The Hopf fibration is a mathematical construct that illustrates a three-dimensional sphere (S^3) as an assembly of circles (S^1) mapped to a standard two-dimensional sphere (S^2), revealing complex topological relationships that extend to various physical and theoretical applications, including quantum mechanics and fluid dynamics.
The Hopf fibration, discovered by Heinz Hopf in 1931, is a significant early example of a fiber bundle, which maps points on a 3-sphere to points on a 2-sphere such that each point on the 2-sphere is related to a distinct great circle on the 3-sphere, creating a many-to-one continuous function. These great circles are the "fibers" of the bundle and are denoted S^1 ➝ S^3 ➝ p S^2, indicating a non-trivial fiber bundle structure, as the 3-sphere (S^3) locally resembles but globally differs from the direct product of a circle (S^1) and a 2-sphere (S^2). Stereographic projection is used to visualize this structure in three dimensions, transforming it into a configuration of linked tori filled with Villarceau circles.

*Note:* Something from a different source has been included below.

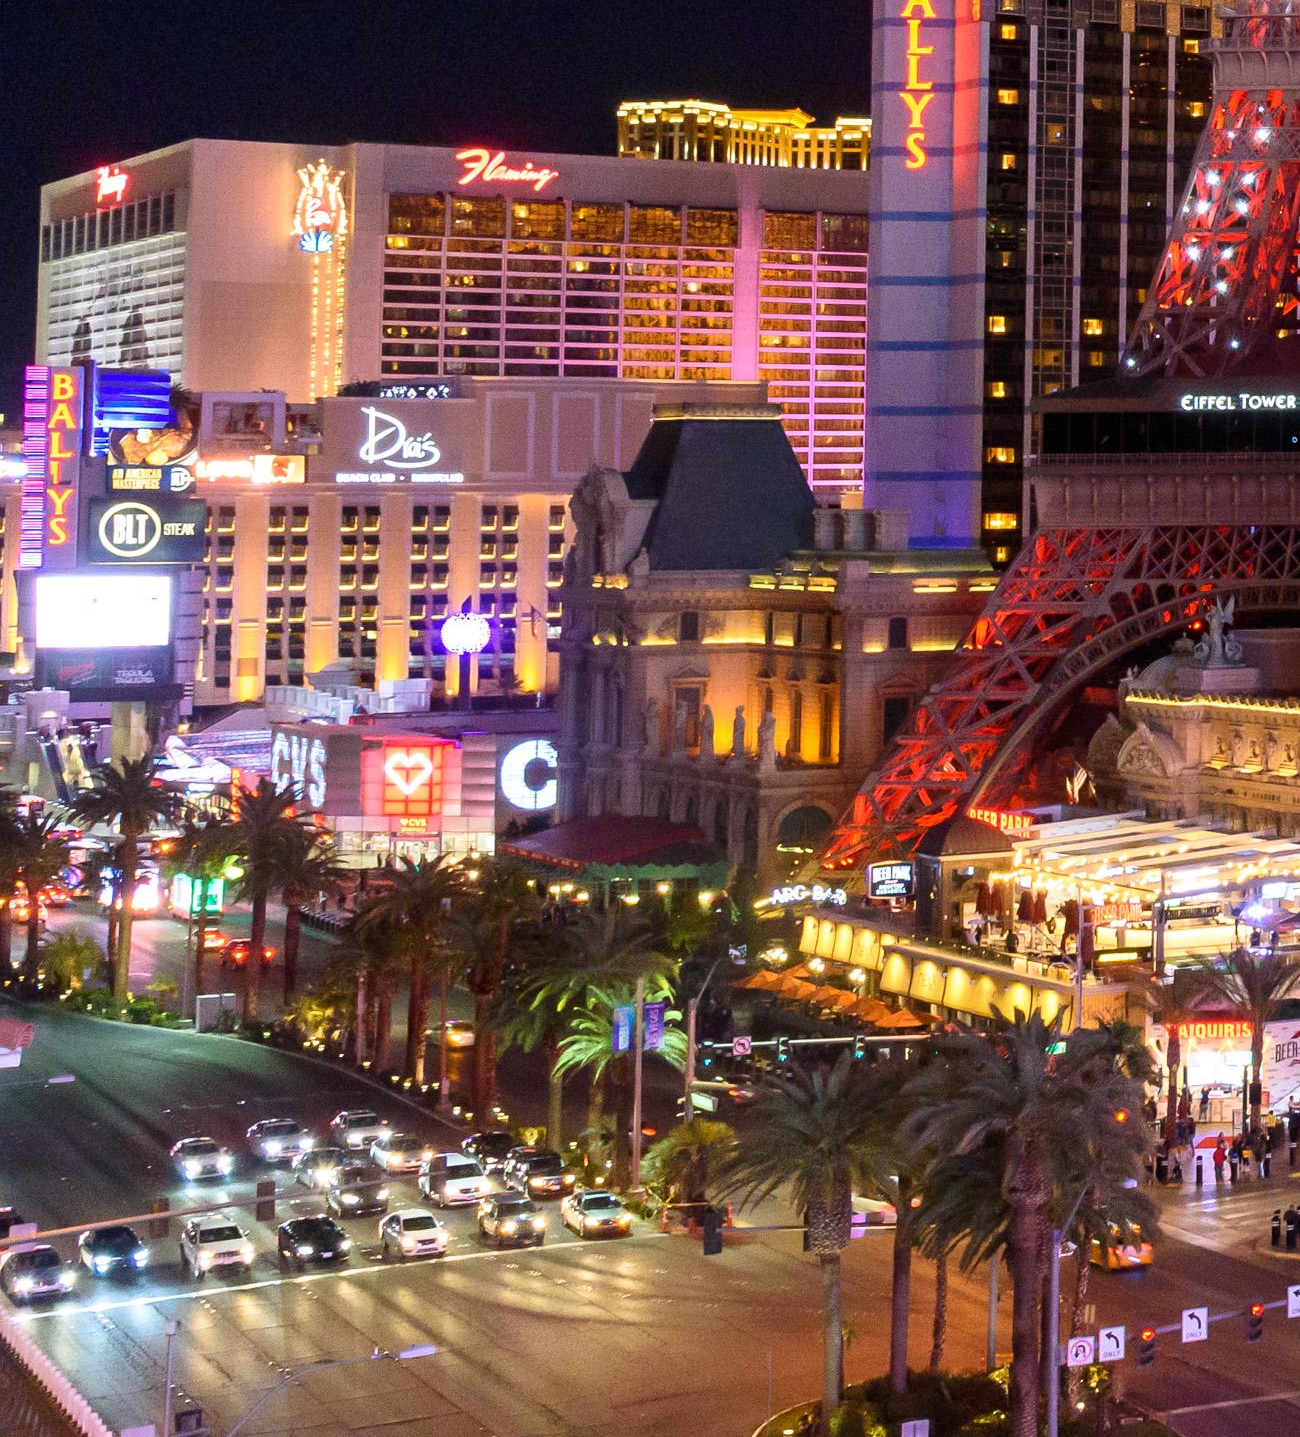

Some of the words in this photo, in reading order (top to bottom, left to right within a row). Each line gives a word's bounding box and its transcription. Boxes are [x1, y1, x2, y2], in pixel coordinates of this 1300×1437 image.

The Hopf fibration can be directly constructed using complex numbers, with two complex numbers representing points on the 3-sphere that map to points on the 2-sphere when absolute values of these numbers add to one, demonstrating the fiber bundle's local product space property. It is also interpreted geometrically via rotations relative to the spin group Spin(3) and quaternion algebra, further linking the concepts of fiber bundles to rotations in three-dimensional space.
Hopf's work generalizes to high-dimensional and complex structures, extending to real, quaternionic, and octonionic versions, restricted by Adams's theorem to only certain dimensions. Furthermore, the Hopf fibration is an integral part of twistor theory, a framework in theoretical physics that structures spacetime using complex geometry.
The Hopf fibration not only serves as a mathematical curiosity but also penetrates various scientific domains. It offers insights into the topology of quantum states, is analogous to fluids' dynamics under the Navier–Stokes equations, and even aids in robotic motion planning and control, underscoring its far-reaching significance across different fields.